* **Goal of the exercise**:
In the copy, include all of the listing exactly and none of its pictures.
[Entries provided]
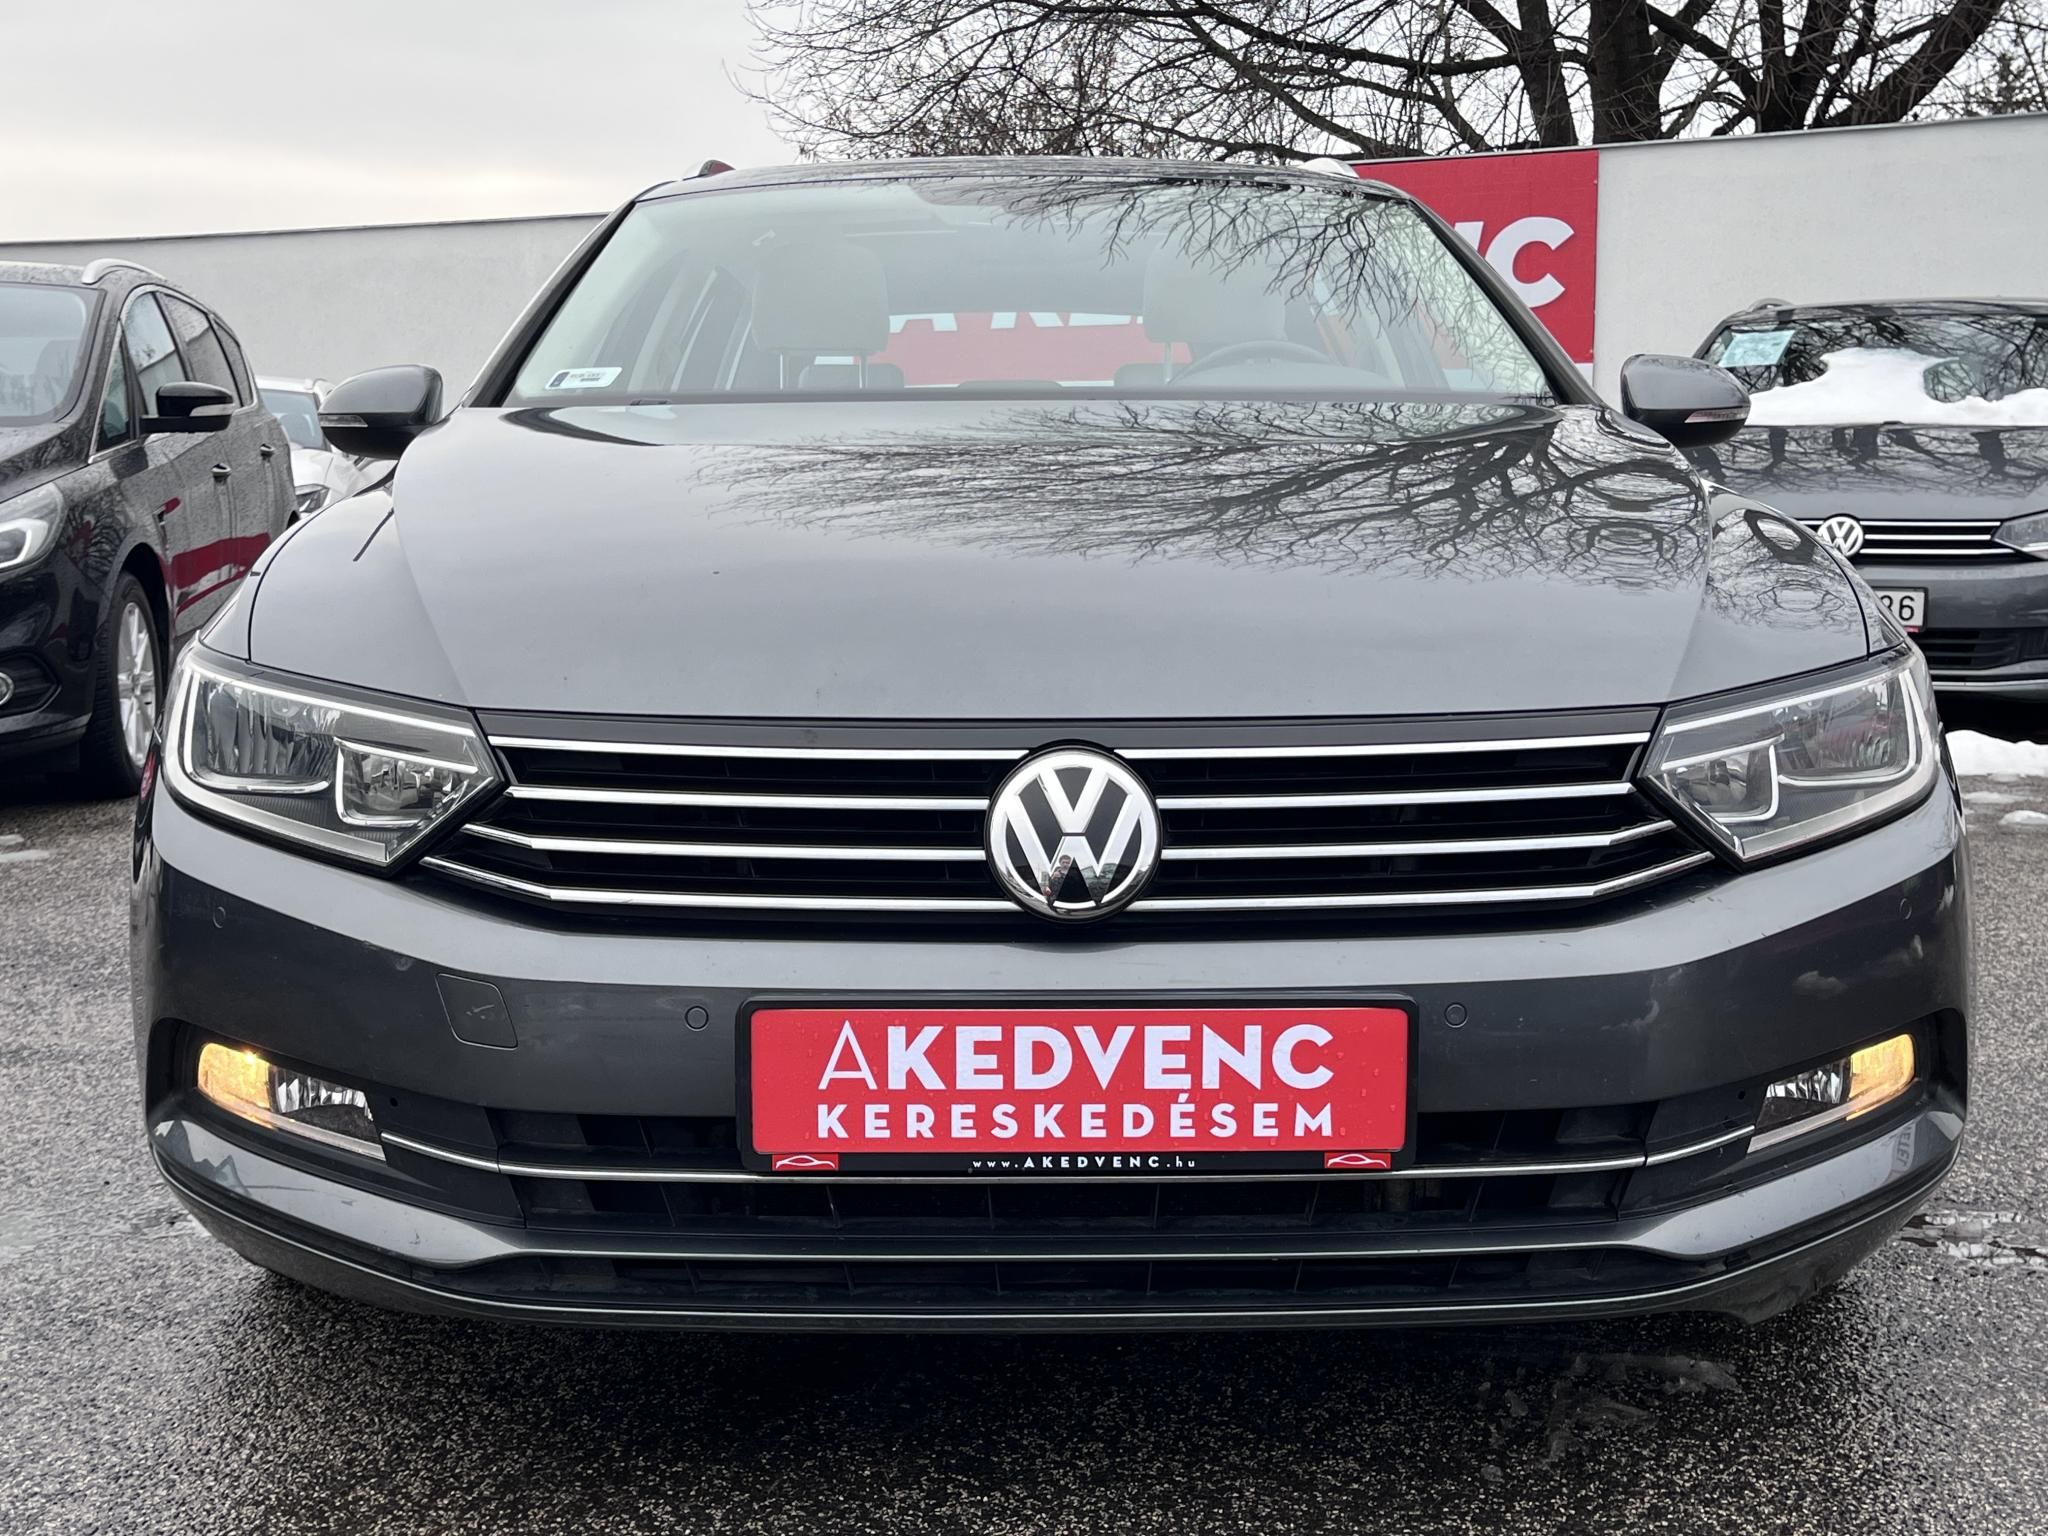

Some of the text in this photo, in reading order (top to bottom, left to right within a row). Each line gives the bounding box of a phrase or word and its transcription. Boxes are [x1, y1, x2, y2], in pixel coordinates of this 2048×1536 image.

[993, 753, 1154, 914] VW
[818, 1020, 1334, 1090] AKEDVENC
[817, 1093, 1332, 1139] KERESKEDÉSEM
[972, 1156, 1195, 1168] www.AKEDVENC.hu
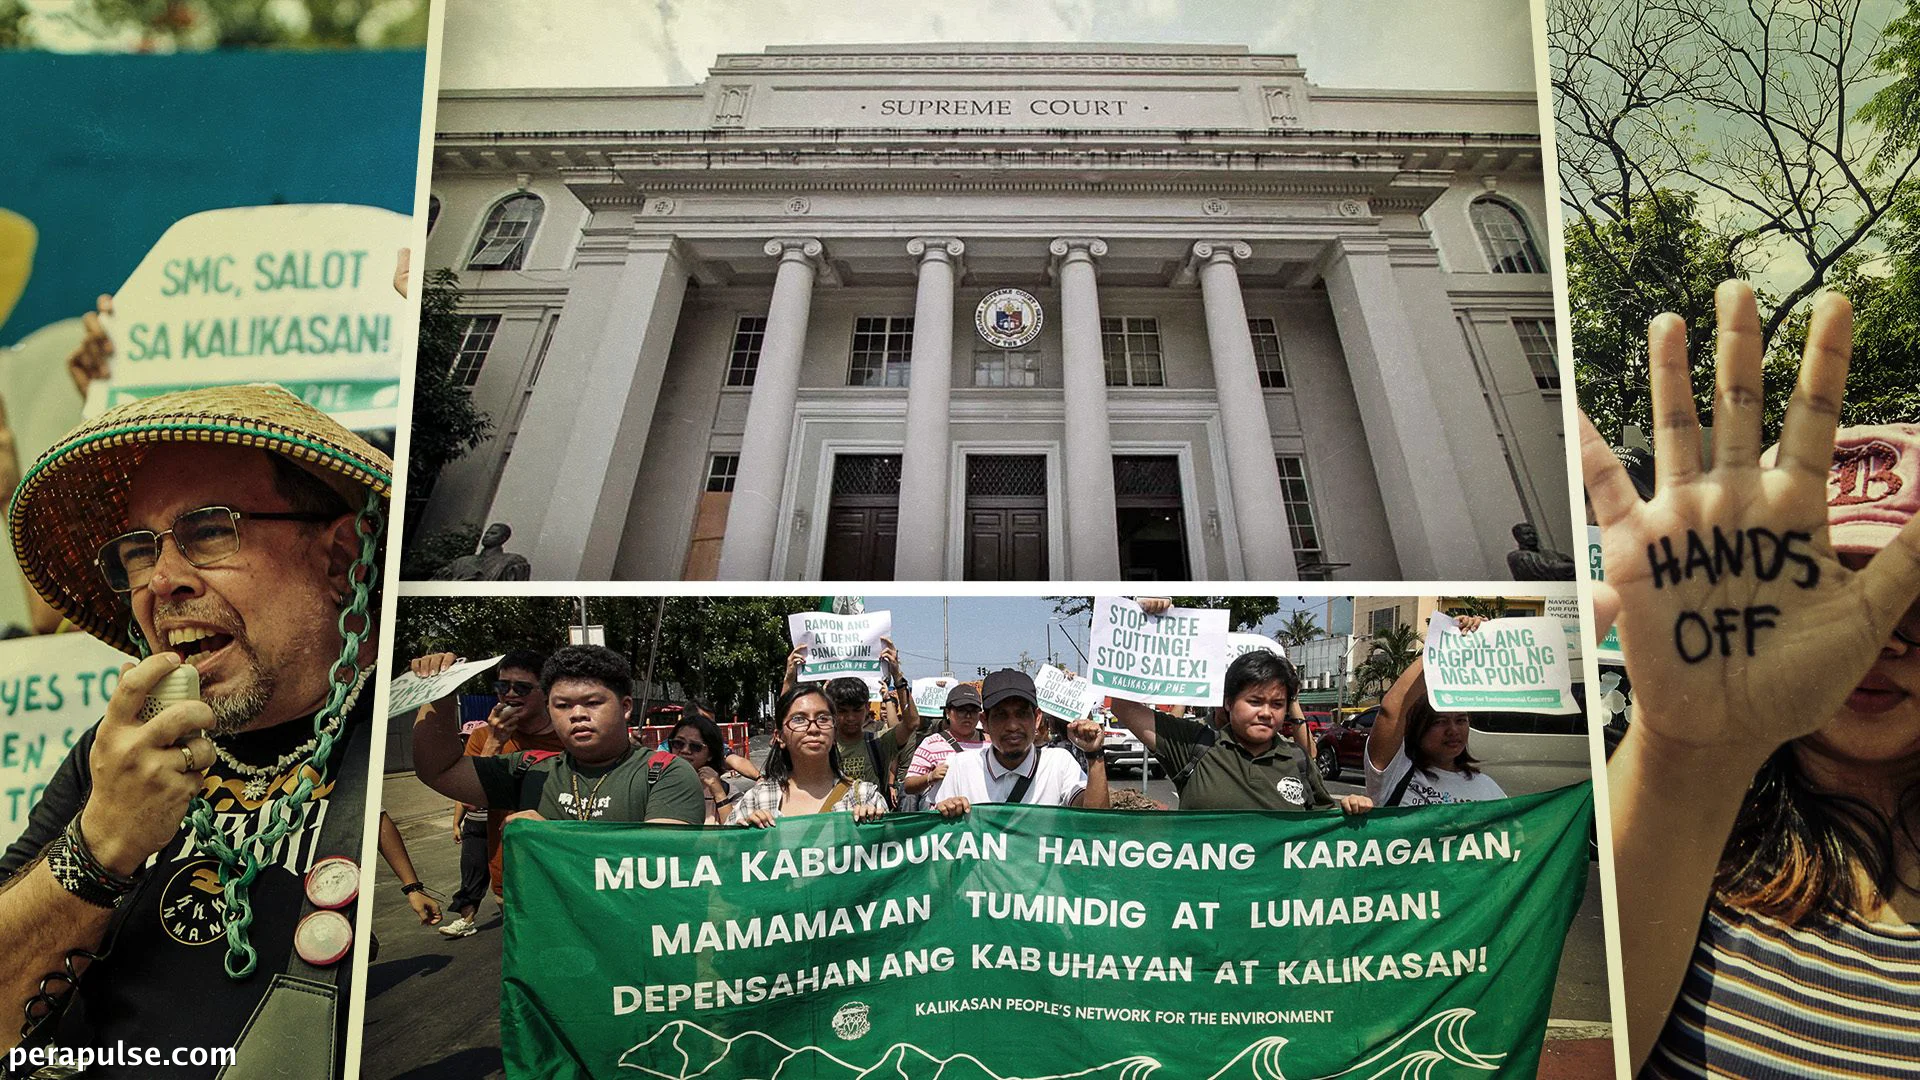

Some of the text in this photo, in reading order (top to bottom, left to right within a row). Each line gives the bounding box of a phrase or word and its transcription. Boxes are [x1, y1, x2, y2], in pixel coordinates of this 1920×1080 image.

[880, 99, 1127, 116] SUPREME COURT
[160, 250, 368, 299] SMC, SALOT
[128, 313, 392, 361] SA KALIKASAN!
[1647, 525, 1820, 589] HANDS
[805, 619, 870, 631] RAMON ANG
[1110, 604, 1199, 636] STOP TREE
[1675, 605, 1781, 664] OFF
[811, 645, 871, 660] PANAGUTIN!
[815, 633, 863, 645] AT DENR,
[1113, 628, 1190, 657] CUTTING!
[1495, 629, 1535, 650] ANG
[818, 663, 853, 672] KALIKASAN
[1097, 646, 1207, 679] STOP SALEX!
[1428, 646, 1555, 668] PAGPUTOL NG
[1112, 675, 1185, 693] KALIKASAN PNE
[1440, 665, 1546, 686] MGA PUNO!
[2, 672, 65, 716] YES
[594, 831, 1521, 890] MULA KABUNDUKAN HANGGANG KARAGATAN,
[651, 890, 1442, 957] MAMAMAYAN TUMINDIG AT LUMABAN!
[613, 957, 870, 1016] DEPENSAHAN
[880, 947, 955, 980] ANG
[1214, 960, 1260, 985] AT
[1278, 946, 1488, 985] KALIKASAN!
[915, 998, 1334, 1025] KALIKASAN PEOPLE'S NETWORK FOR THE ENVIRONMENT
[/Entries provided]
* **Output of the task**:
Some of the text in this photo, in reading order (top to bottom, left to right within a row). Each line gives the bounding box of a phrase or word and its transcription. Boxes are [x1, y1, x2, y2], in pixel coordinates of this 2048×1536 image.

[993, 753, 1154, 914] VW
[818, 1020, 1334, 1090] AKEDVENC
[817, 1093, 1332, 1139] KERESKEDÉSEM
[972, 1156, 1195, 1168] www.AKEDVENC.hu

Some of the text in this photo, in reading order (top to bottom, left to right within a row). Each line gives the bounding box of a phrase or word and its transcription. Boxes are [x1, y1, x2, y2], in pixel coordinates of this 1920×1080 image.

[880, 99, 1127, 116] SUPREME COURT
[160, 250, 368, 299] SMC, SALOT
[128, 313, 392, 361] SA KALIKASAN!
[1647, 525, 1820, 589] HANDS
[805, 619, 870, 631] RAMON ANG
[1110, 604, 1199, 636] STOP TREE
[1675, 605, 1781, 664] OFF
[811, 645, 871, 660] PANAGUTIN!
[815, 633, 863, 645] AT DENR,
[1113, 628, 1190, 657] CUTTING!
[1495, 629, 1535, 650] ANG
[818, 663, 853, 672] KALIKASAN
[1097, 646, 1207, 679] STOP SALEX!
[1428, 646, 1555, 668] PAGPUTOL NG
[1112, 675, 1185, 693] KALIKASAN PNE
[1440, 665, 1546, 686] MGA PUNO!
[2, 672, 65, 716] YES
[594, 831, 1521, 890] MULA KABUNDUKAN HANGGANG KARAGATAN,
[651, 890, 1442, 957] MAMAMAYAN TUMINDIG AT LUMABAN!
[613, 957, 870, 1016] DEPENSAHAN
[880, 947, 955, 980] ANG
[1214, 960, 1260, 985] AT
[1278, 946, 1488, 985] KALIKASAN!
[915, 998, 1334, 1025] KALIKASAN PEOPLE'S NETWORK FOR THE ENVIRONMENT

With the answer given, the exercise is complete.